|Coyne, Clarice - Clare|
|Laure Pilet Nayel, Marie|
Submitted to: International Model Legume Congress
Publication Type: Abstract Only
Publication Acceptance Date: 3/3/2011
Publication Date: N/A
Citation: N/A Interpretive Summary: N/A
Technical Abstract: Aphanomyces root rot, due to Aphanomyces euteiches, is one of the most damaging diseases of pea worldwide. Breeding for partial polygenic resistance to Aphanomyces root rot is a major objective for the development of the pea crop in Europe. Our objectives were to study i)- the diversity of resistance loci controlling partial resistance to A. euteiches in pea and ii)- the conservation of these loci between pea and the model legume Medicago truncatula. A genetic analysis of resistance to A. euteiches from two pea recombinant inbred line (RIL) populations (Hamon et al., accepted), followed by a meta-analysis of resistance QTL including two supplementary RIL populations, were conducted to explore the diversity vs. stability of Aphanomyces resistance loci towards pathogen and environmental variations, and across resistance sources.

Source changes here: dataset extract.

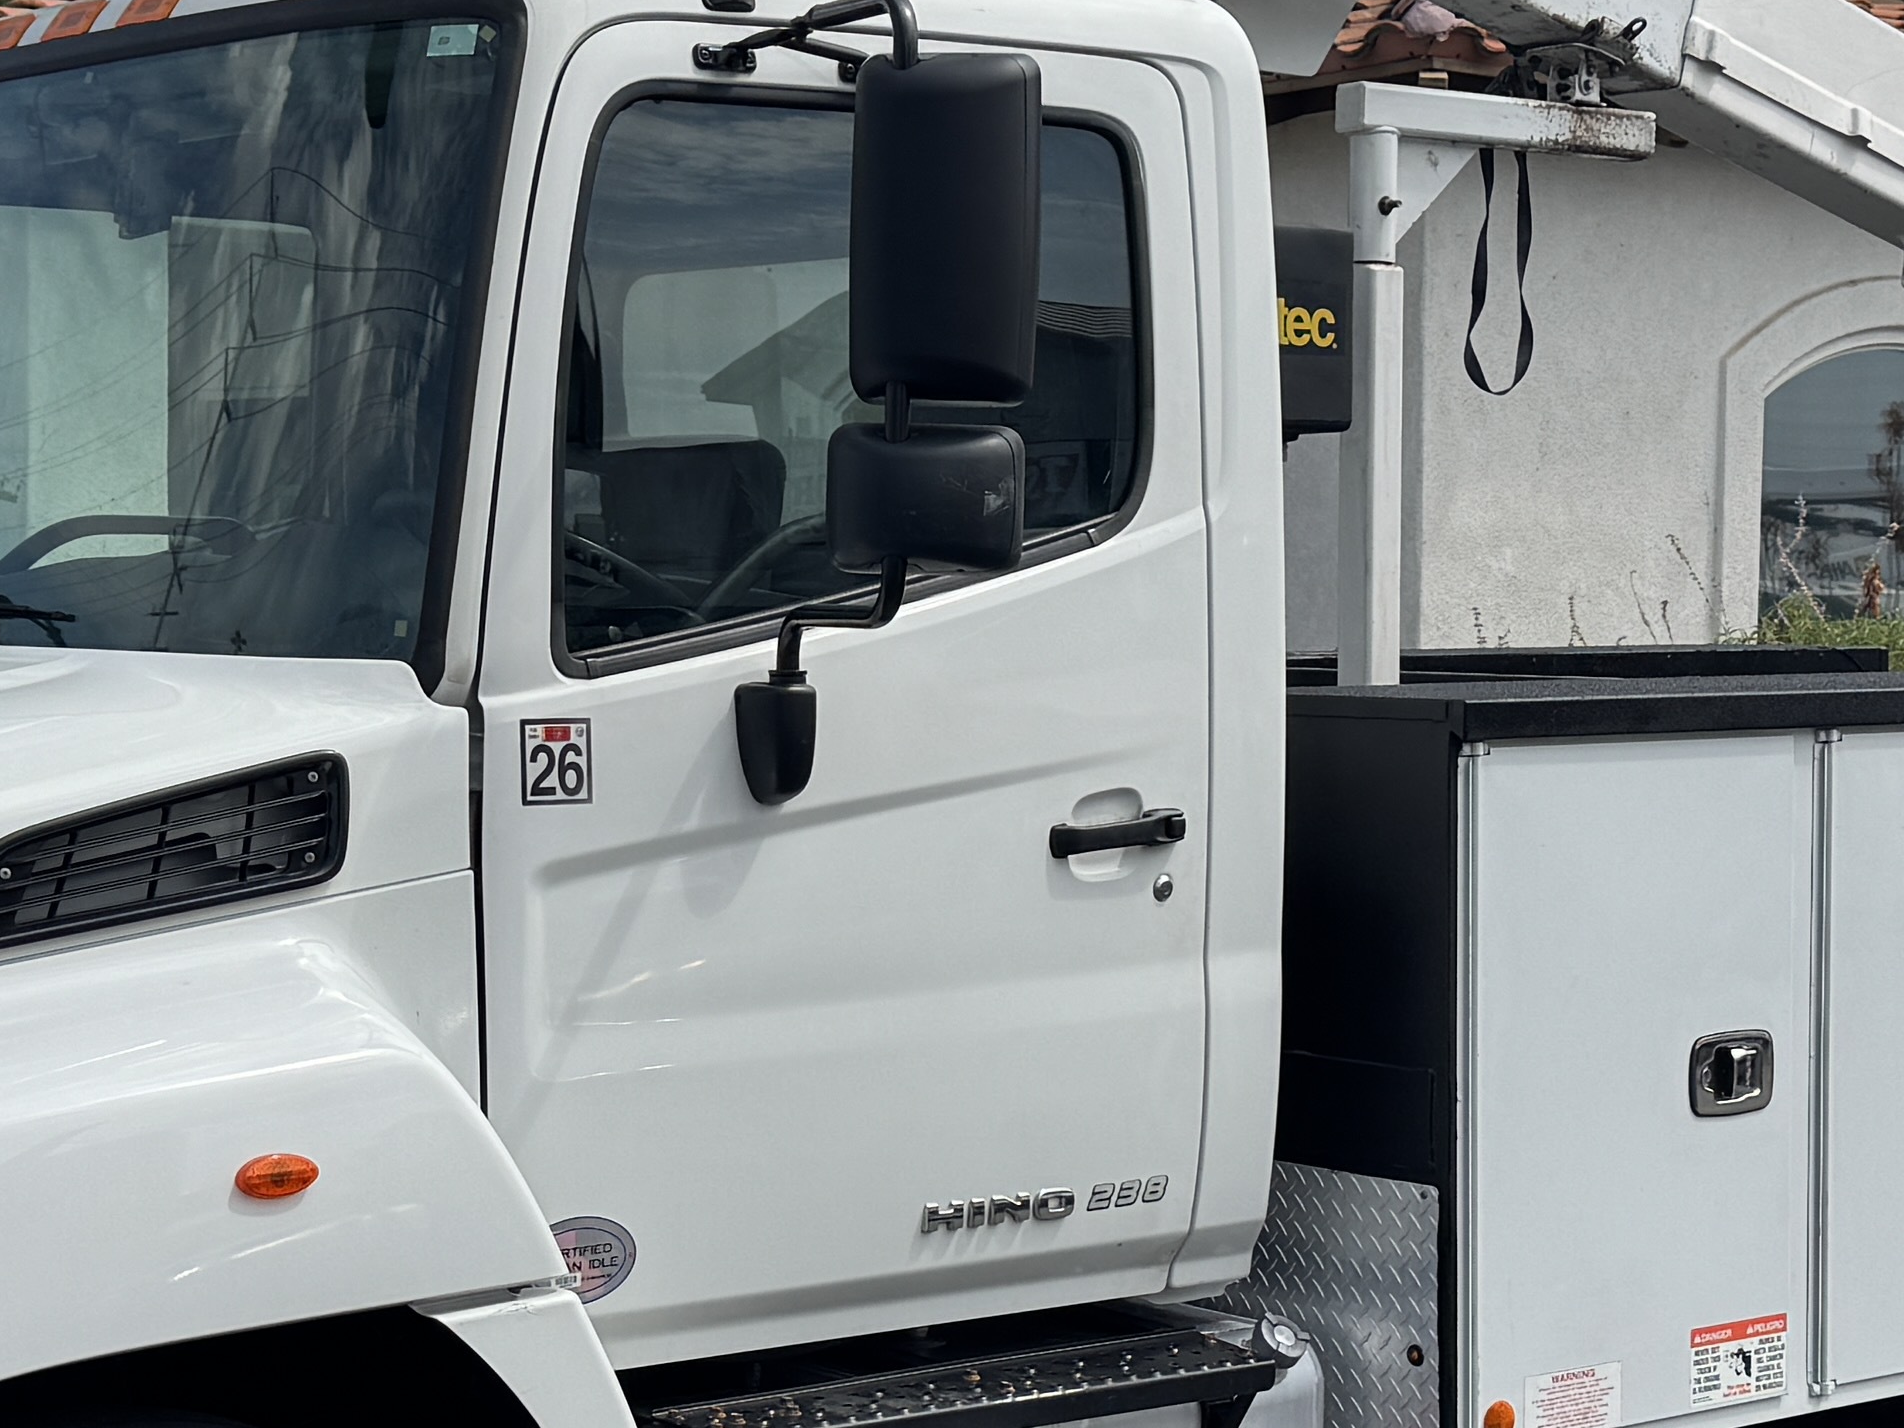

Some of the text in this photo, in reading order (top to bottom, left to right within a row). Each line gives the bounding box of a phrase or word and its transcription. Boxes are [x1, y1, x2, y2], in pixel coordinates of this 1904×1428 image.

A total of 23 additive-effect genomic regions were identified for resistance to A. euteiches in the four RIL populations, including particularly seven genomic regions highly consistently associated with partial resistance in different sources of resistance, French and USA environments and for different strains of A. euteiches. Synteny analysis of these resistance loci identified in pea and Aphanomyces resistance loci previously identified from a single M. truncatula RIL population has been initiated through the development and mapping of “bridge” genic markers in genomic regions associated with resistance between the two species. Up to now, genetic or in silico mapping of 22 bridge markers has resulted in the identification of five potentially syntenic regions, including the prAe1/AER1 locus, associated with Aphanomyces resistance in both species. Future plans will include exploring a higher diversity of resistance sources in M.truncatula using connected RIL populations and precising synteny between pea and M. truncatula at Aphanomyces resistance loci, by establishing higher density “bridge” markers between the two genomes, using massive sequence data currently being acquired in pea.